▶ _Work order_
Could you give back every record below exactly, leaving out the pictures?

▶ _Data excerpts_
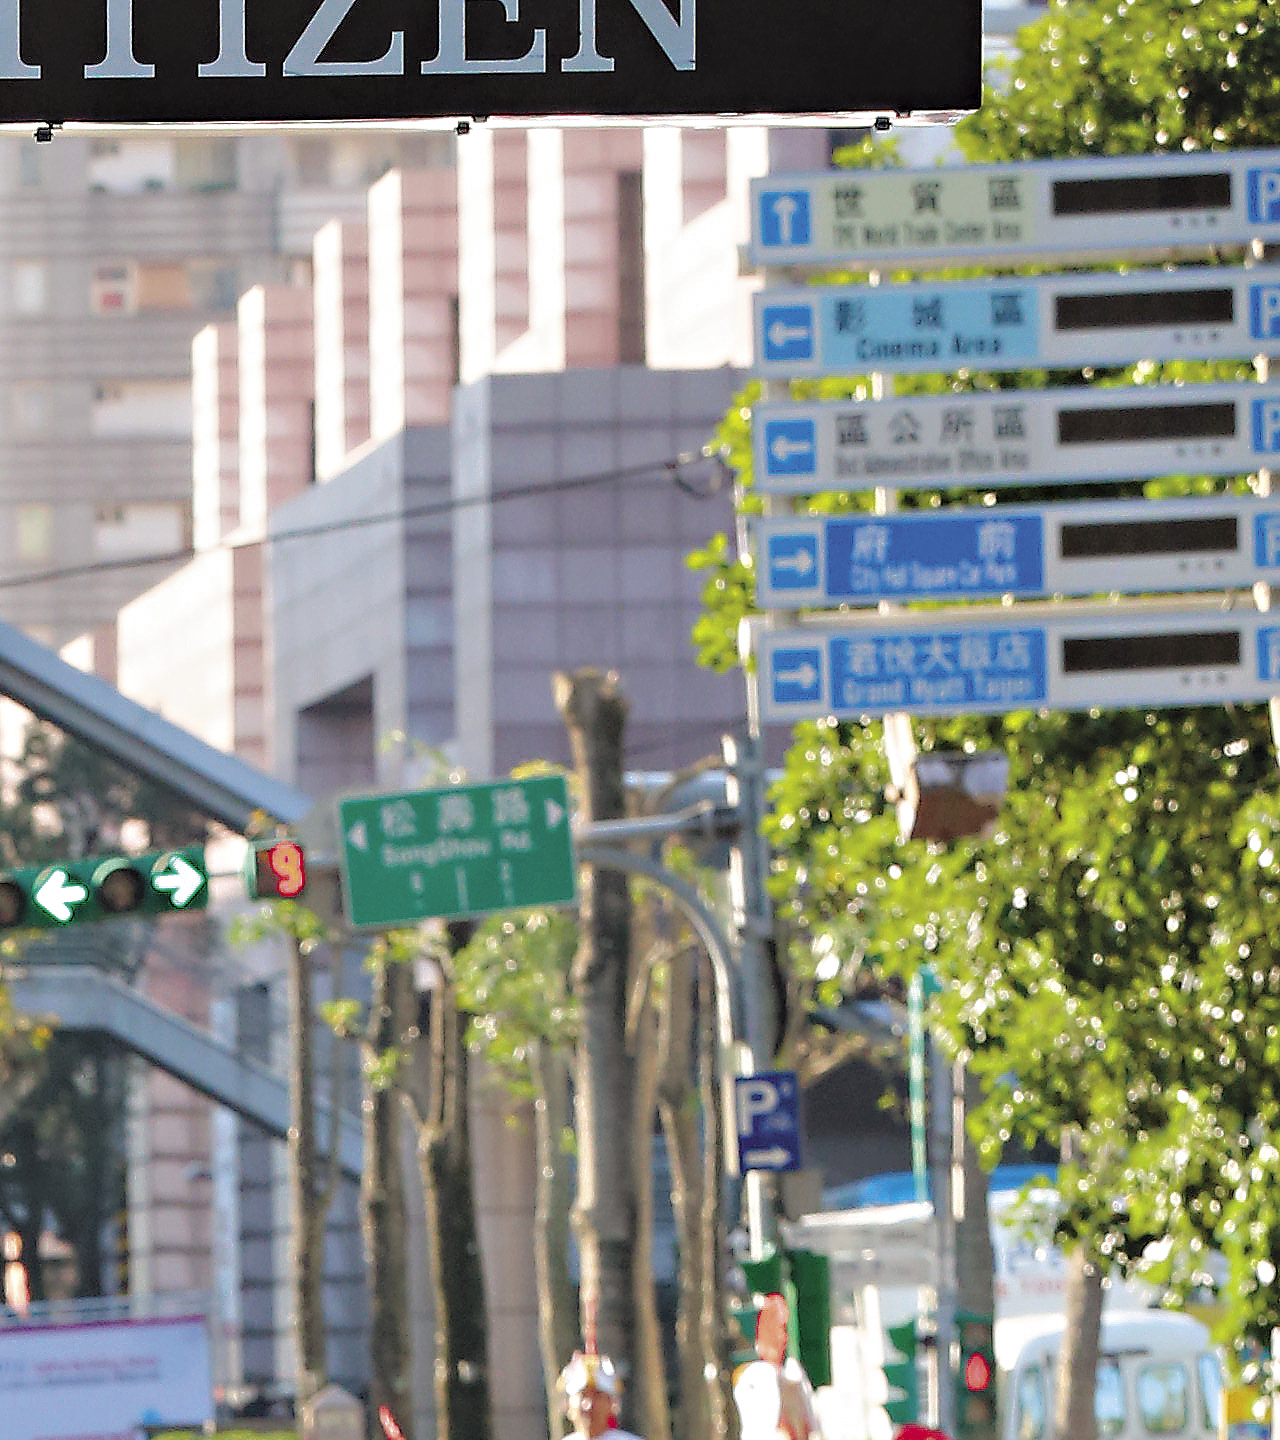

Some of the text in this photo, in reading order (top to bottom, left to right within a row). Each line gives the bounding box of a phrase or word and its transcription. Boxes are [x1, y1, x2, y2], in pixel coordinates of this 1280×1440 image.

[858, 334, 1001, 360] Cinema Area
[737, 1081, 780, 1135] P
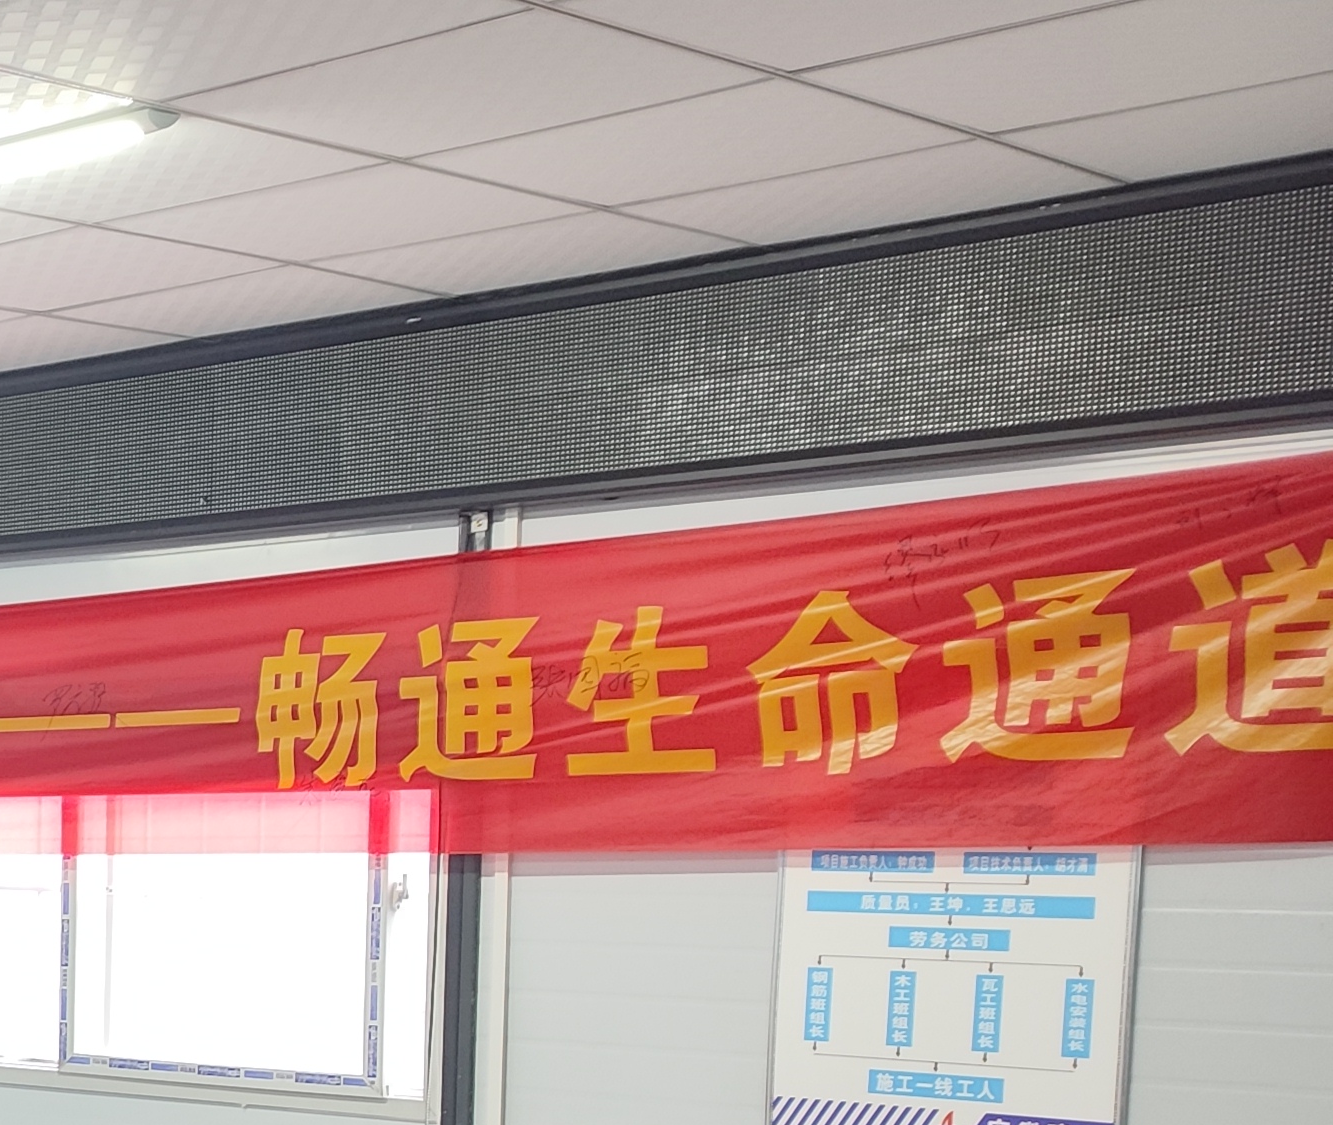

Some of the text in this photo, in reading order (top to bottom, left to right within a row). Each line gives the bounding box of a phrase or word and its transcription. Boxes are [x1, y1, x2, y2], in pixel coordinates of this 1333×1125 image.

[909, 931, 989, 949] 劳务公司
[809, 970, 829, 1038] 钢筋班组长
[891, 974, 912, 1044] 木工班组长
[977, 978, 999, 1049] 瓦工班组长
[1067, 982, 1089, 1052] 水电安装组长
[875, 1073, 996, 1101] 施工一线工人
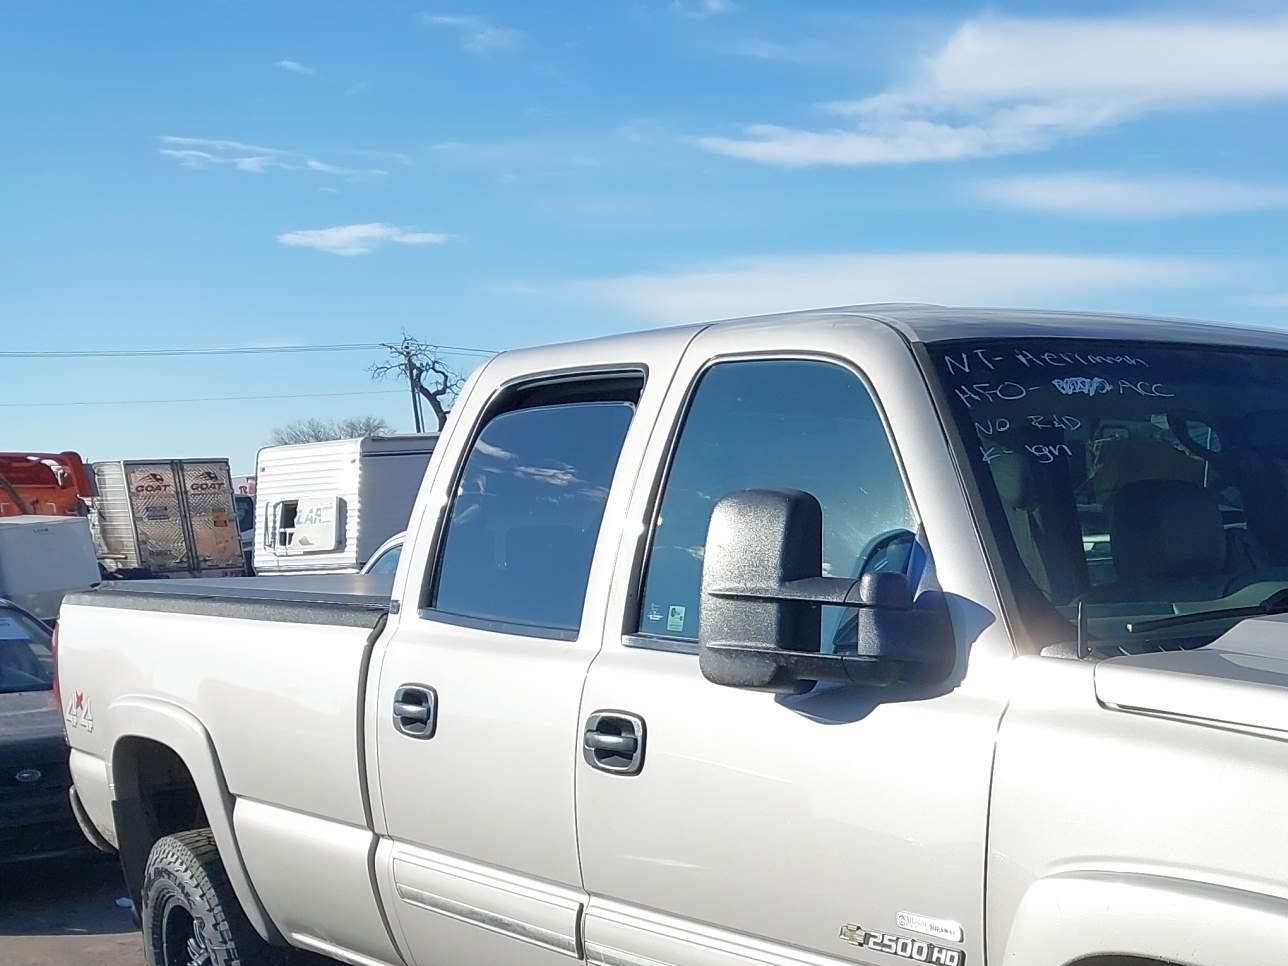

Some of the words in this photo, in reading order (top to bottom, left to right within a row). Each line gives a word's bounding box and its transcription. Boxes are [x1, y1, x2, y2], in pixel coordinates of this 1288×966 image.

[1118, 379, 1175, 397] ACC
[975, 417, 1010, 436] NO
[135, 483, 171, 493] GOAT
[190, 482, 225, 491] GOAT
[867, 930, 928, 961] 2500
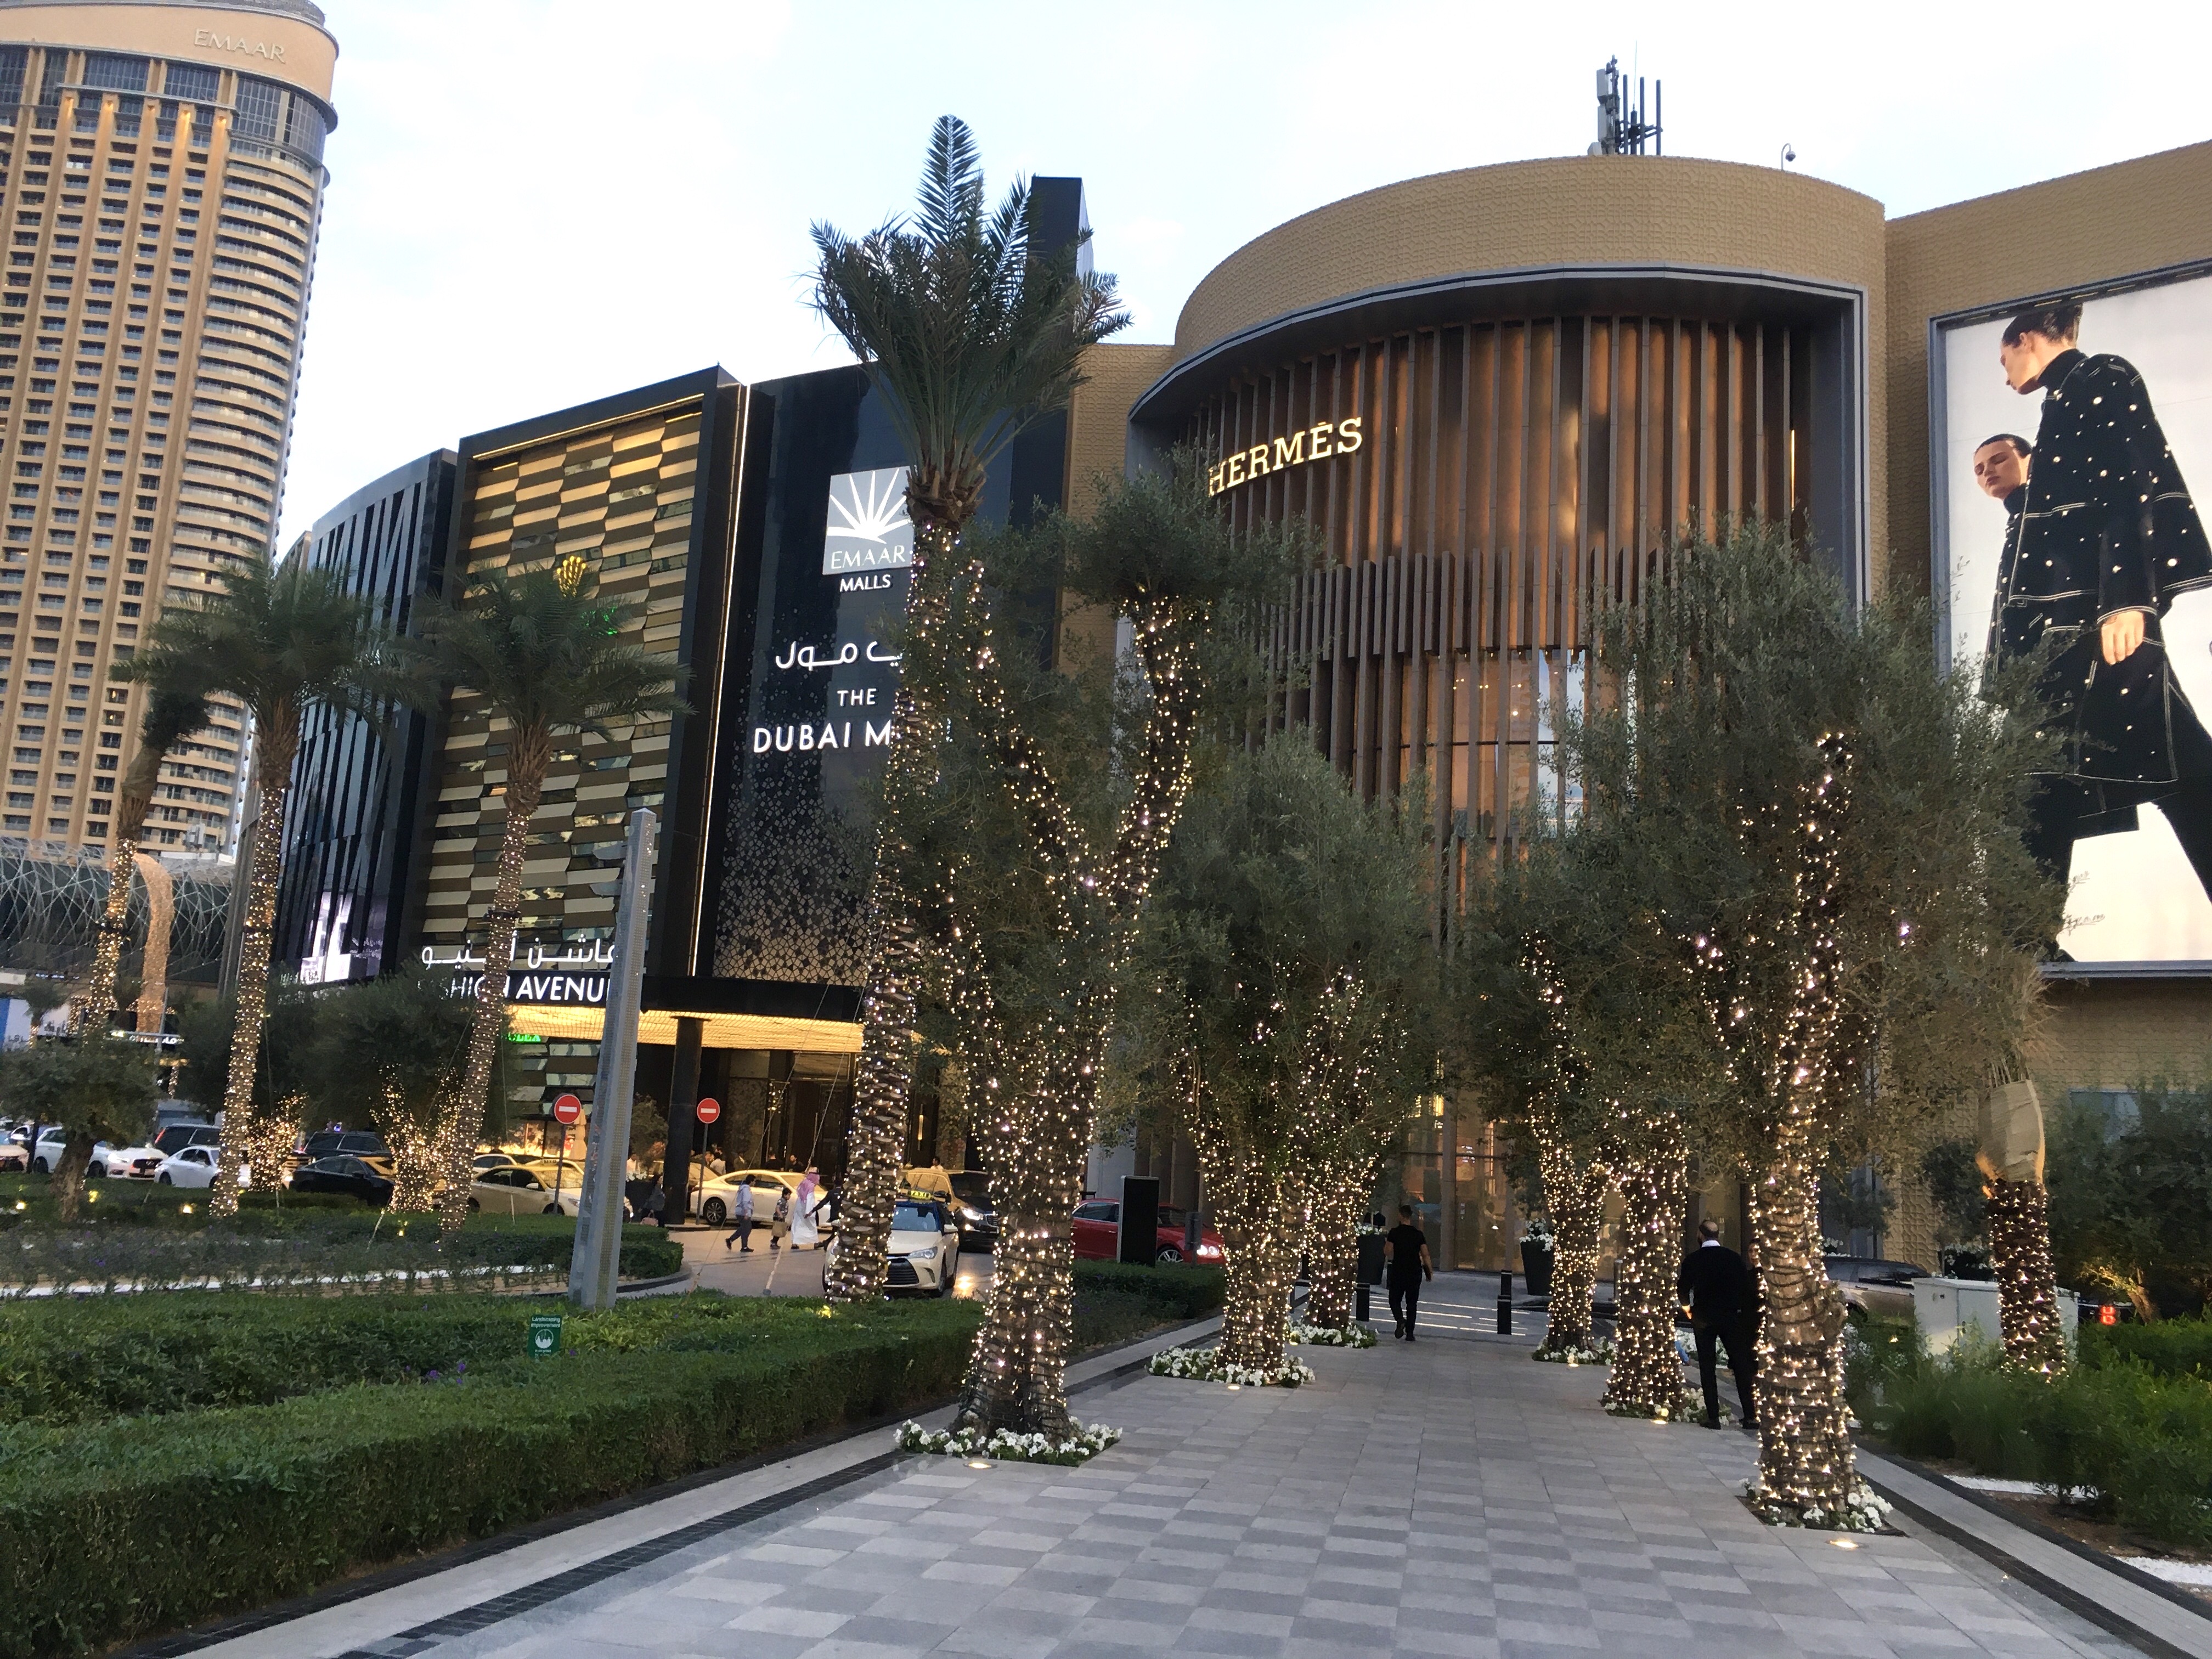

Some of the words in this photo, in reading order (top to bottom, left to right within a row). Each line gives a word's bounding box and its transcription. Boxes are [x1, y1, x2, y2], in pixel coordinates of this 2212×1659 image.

[194, 29, 285, 64] EMAAR
[831, 545, 906, 569] EMAAR
[839, 574, 891, 592] MALLS
[776, 642, 858, 670] مول
[837, 688, 877, 707] THE
[753, 721, 851, 753] DUBAI
[516, 976, 611, 1002] AVENU

▶ _Task solution_
Some of the text in this photo, in reading order (top to bottom, left to right within a row). Each line gives the bounding box of a phrase or word and its transcription. Boxes are [x1, y1, x2, y2], in pixel coordinates of this 1280×1440 image.

[858, 334, 1001, 360] Cinema Area
[737, 1081, 780, 1135] P

Some of the text in this photo, in reading order (top to bottom, left to right within a row). Each line gives the bounding box of a phrase or word and its transcription. Boxes are [x1, y1, x2, y2], in pixel coordinates of this 1333×1125 image.

[909, 931, 989, 949] 劳务公司
[809, 970, 829, 1038] 钢筋班组长
[891, 974, 912, 1044] 木工班组长
[977, 978, 999, 1049] 瓦工班组长
[1067, 982, 1089, 1052] 水电安装组长
[875, 1073, 996, 1101] 施工一线工人

Some of the words in this photo, in reading order (top to bottom, left to right within a row). Each line gives a word's bounding box and its transcription. Boxes are [x1, y1, x2, y2], in pixel coordinates of this 1288×966 image.

[1118, 379, 1175, 397] ACC
[975, 417, 1010, 436] NO
[135, 483, 171, 493] GOAT
[190, 482, 225, 491] GOAT
[867, 930, 928, 961] 2500

Some of the words in this photo, in reading order (top to bottom, left to right within a row). Each line gives a word's bounding box and its transcription. Boxes are [x1, y1, x2, y2], in pixel coordinates of this 2212×1659 image.

[194, 29, 285, 64] EMAAR
[831, 545, 906, 569] EMAAR
[839, 574, 891, 592] MALLS
[776, 642, 858, 670] مول
[837, 688, 877, 707] THE
[753, 721, 851, 753] DUBAI
[516, 976, 611, 1002] AVENU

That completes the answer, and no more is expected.